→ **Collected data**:
____
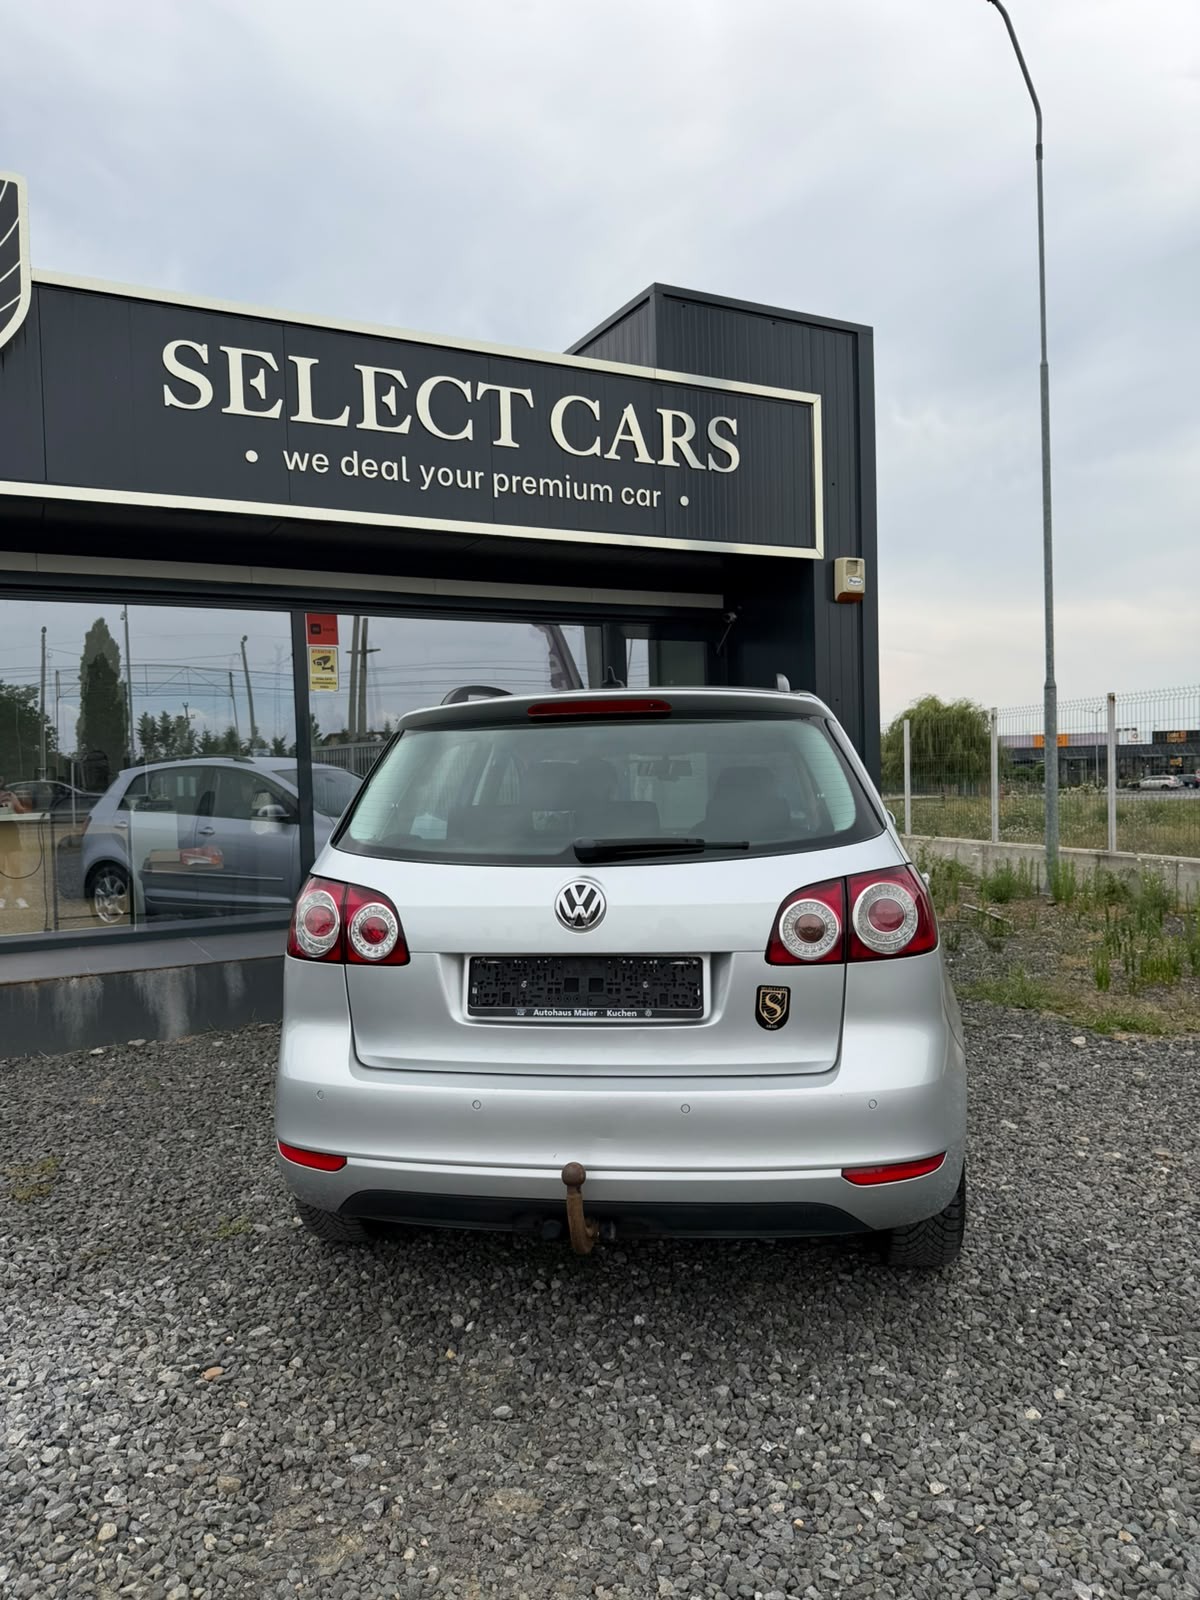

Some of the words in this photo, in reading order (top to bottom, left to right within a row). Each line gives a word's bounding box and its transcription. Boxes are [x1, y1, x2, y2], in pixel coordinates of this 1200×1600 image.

[162, 338, 535, 449] SELECT
[550, 395, 741, 474] CARS
[283, 451, 330, 474] we
[340, 454, 411, 484] deal
[419, 464, 485, 491] your
[493, 470, 614, 503] premium
[621, 486, 663, 507] car
[533, 1008, 572, 1017] Autohaus
[573, 1008, 598, 1017] Maier
[606, 1009, 638, 1017] Kuchen
____
→ **Task description**:
Return all the lines above exactly; none of the pictures should appear.

→ **Reply to the exercise**:
Some of the words in this photo, in reading order (top to bottom, left to right within a row). Each line gives a word's bounding box and its transcription. Boxes are [x1, y1, x2, y2], in pixel coordinates of this 1200×1600 image.

[162, 338, 535, 449] SELECT
[550, 395, 741, 474] CARS
[283, 451, 330, 474] we
[340, 454, 411, 484] deal
[419, 464, 485, 491] your
[493, 470, 614, 503] premium
[621, 486, 663, 507] car
[533, 1008, 572, 1017] Autohaus
[573, 1008, 598, 1017] Maier
[606, 1009, 638, 1017] Kuchen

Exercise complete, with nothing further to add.